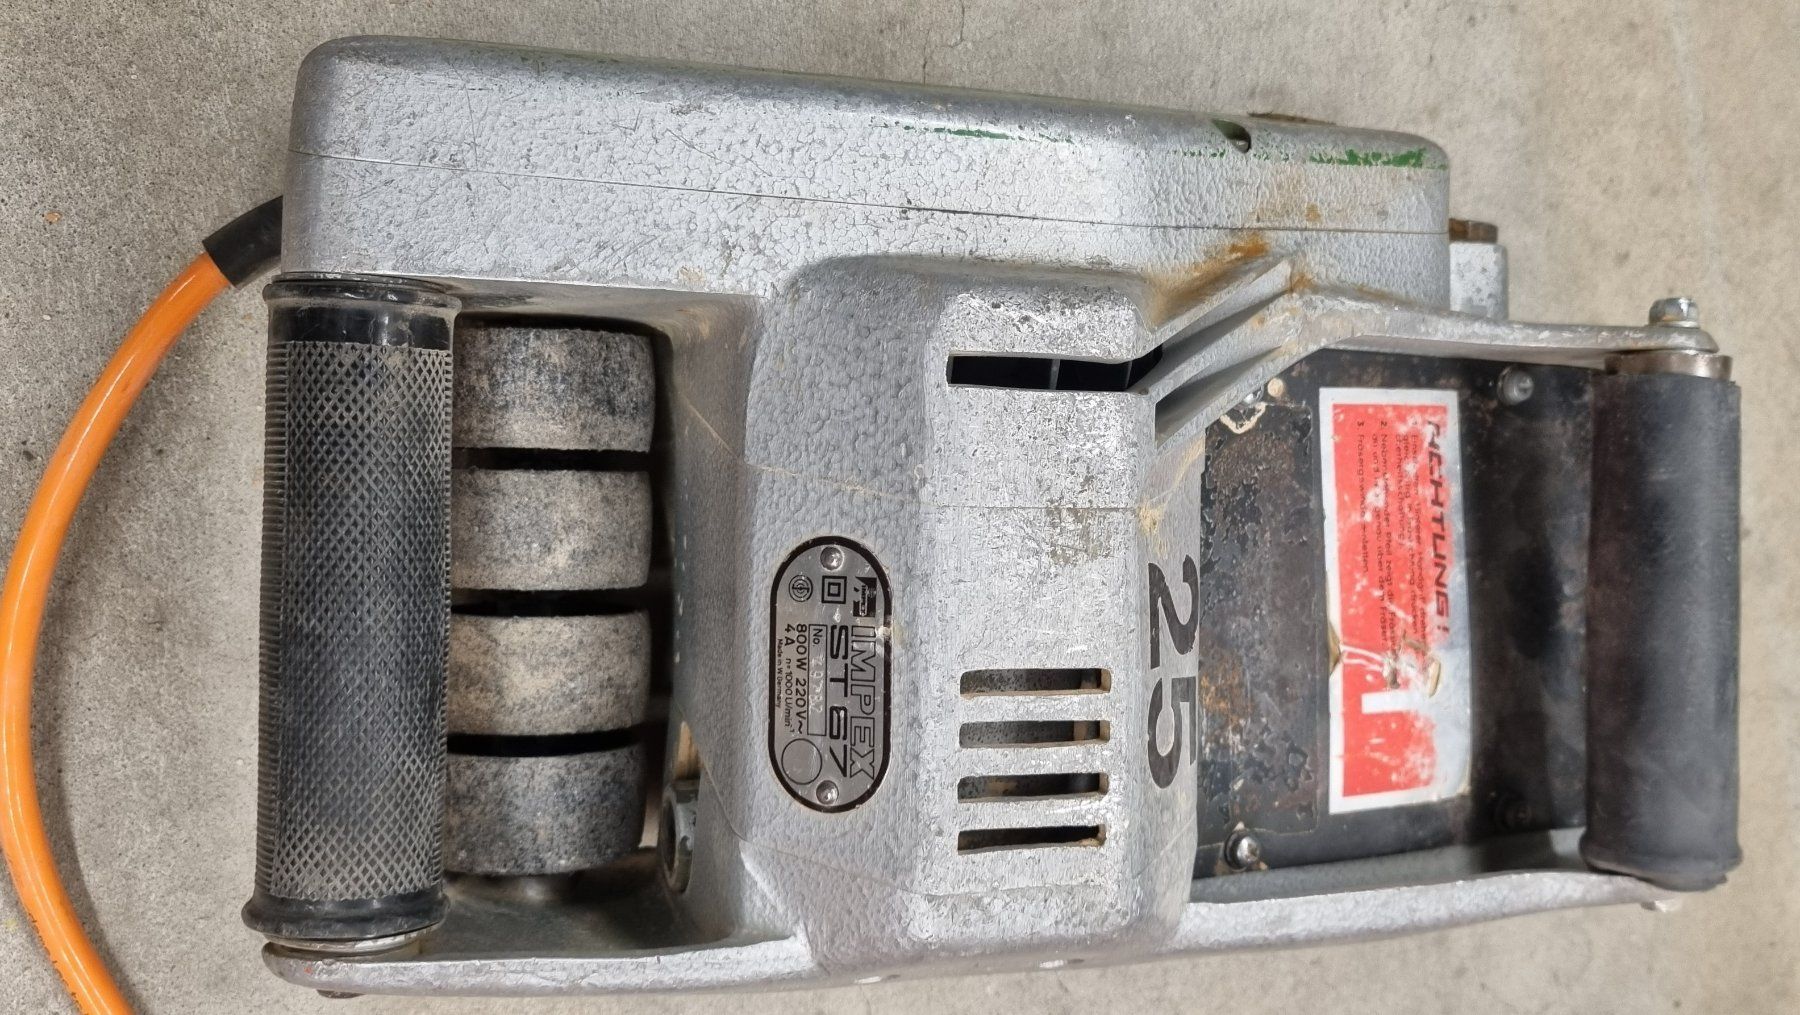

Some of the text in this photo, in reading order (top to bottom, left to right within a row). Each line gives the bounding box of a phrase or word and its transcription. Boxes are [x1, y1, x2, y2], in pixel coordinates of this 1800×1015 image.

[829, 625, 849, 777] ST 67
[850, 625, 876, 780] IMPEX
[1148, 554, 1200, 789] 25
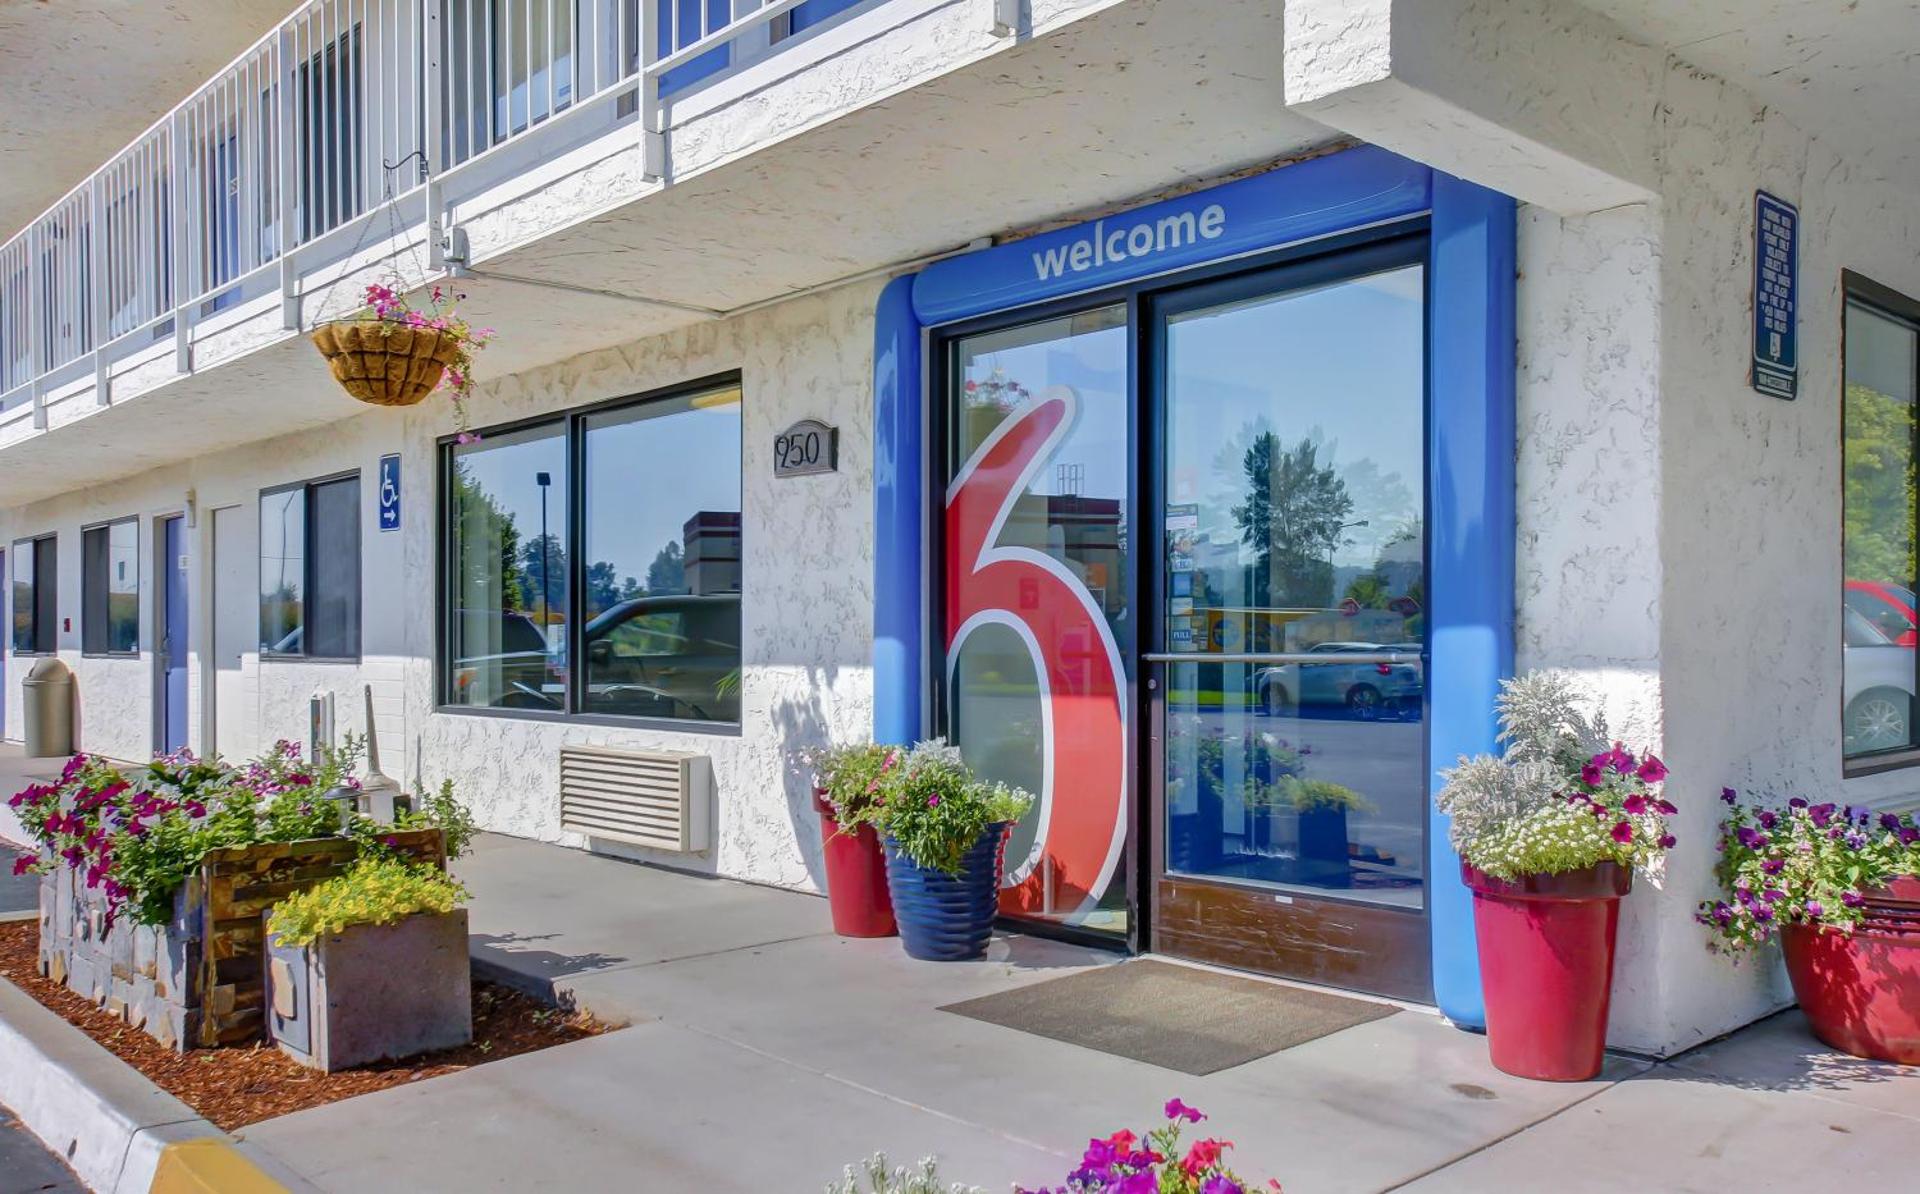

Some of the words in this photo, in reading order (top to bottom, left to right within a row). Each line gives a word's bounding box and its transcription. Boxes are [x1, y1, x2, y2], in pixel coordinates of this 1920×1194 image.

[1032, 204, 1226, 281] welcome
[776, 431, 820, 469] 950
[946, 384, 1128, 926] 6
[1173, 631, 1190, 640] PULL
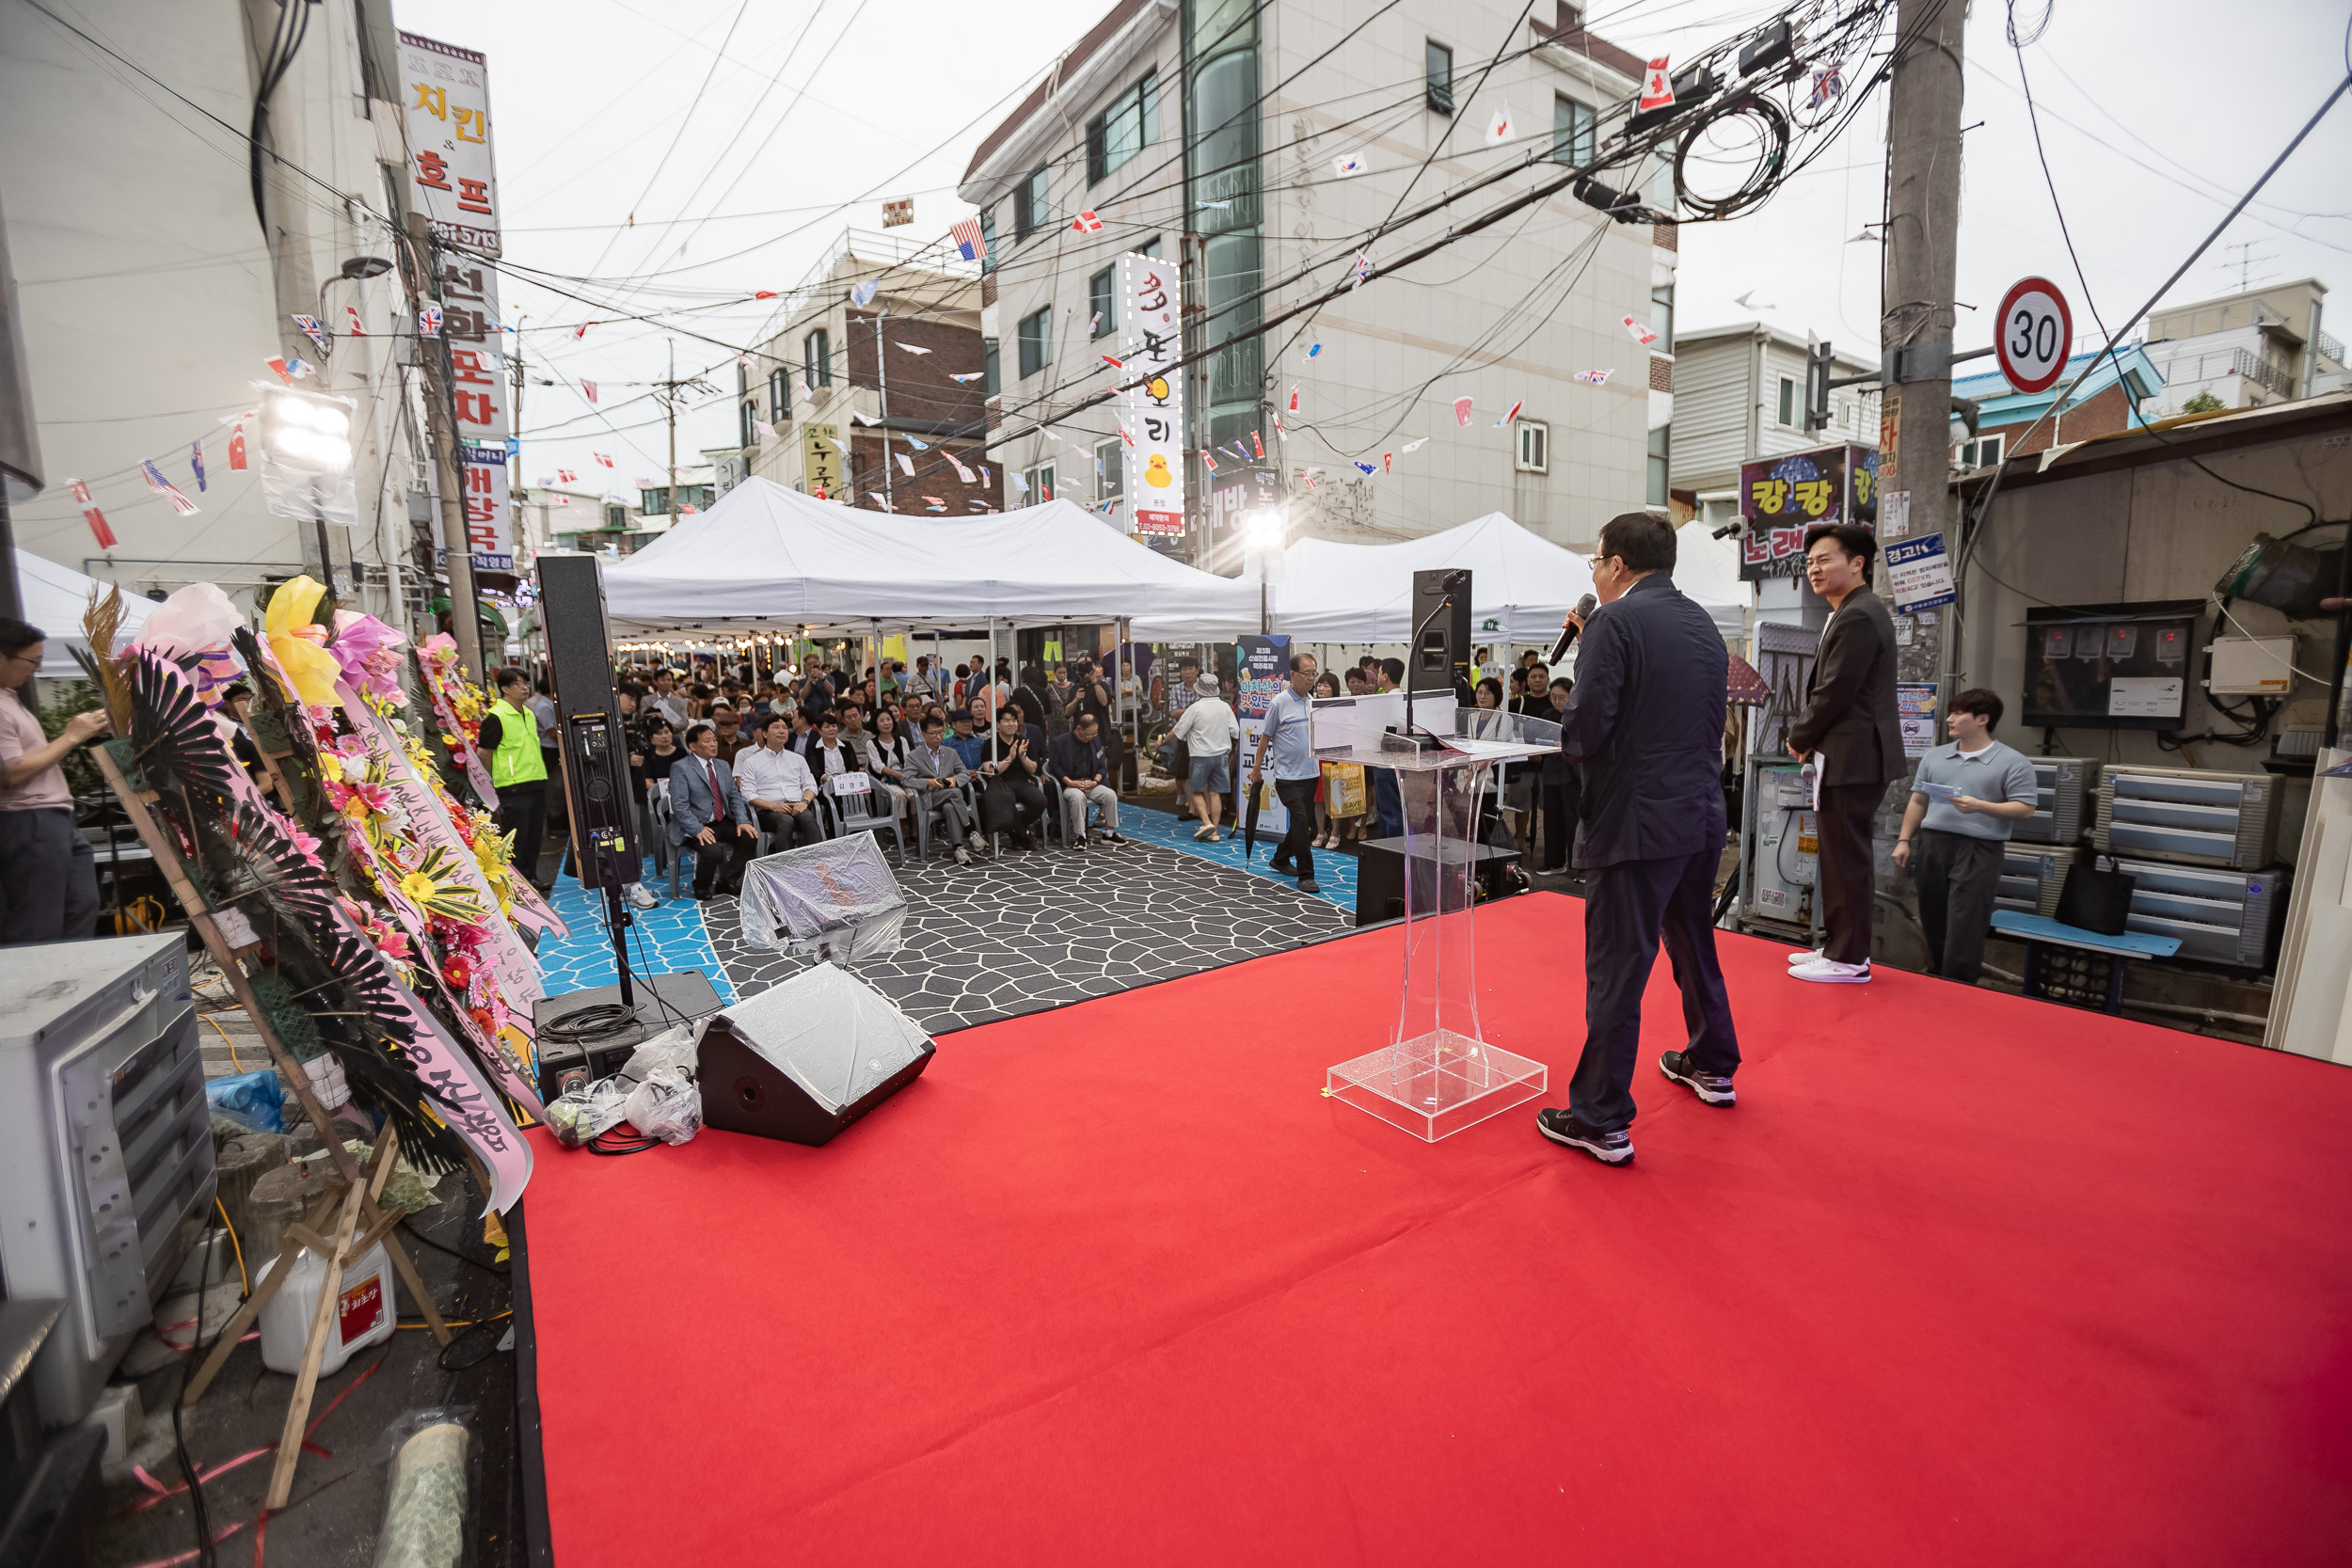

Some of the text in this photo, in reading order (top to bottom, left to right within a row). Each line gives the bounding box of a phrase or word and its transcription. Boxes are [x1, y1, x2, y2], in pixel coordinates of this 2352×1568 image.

-- TASK BRIEF --
Apart from the pictures, every line above must be repeated exactly.

-- FINAL ANSWER --
Some of the text in this photo, in reading order (top to bottom, left to right within a row). Each line gives the bounding box of a phrase or word and its transcription. Boxes are [x1, y1, x2, y2], in pixel coordinates of this 1800×1015 image.

[829, 625, 849, 777] ST 67
[850, 625, 876, 780] IMPEX
[1148, 554, 1200, 789] 25

Some of the words in this photo, in reading order (top to bottom, left to right within a row). Each line gives a word's bounding box and its transcription. Boxes are [x1, y1, x2, y2], in pixel coordinates of this 1920×1194 image.

[1032, 204, 1226, 281] welcome
[776, 431, 820, 469] 950
[946, 384, 1128, 926] 6
[1173, 631, 1190, 640] PULL

Some of the text in this photo, in reading order (top to bottom, left to right within a row). Each line gives the bounding box of a phrase or word and its transcription. Boxes are [x1, y1, x2, y2], in pixel coordinates of this 2352×1568 image.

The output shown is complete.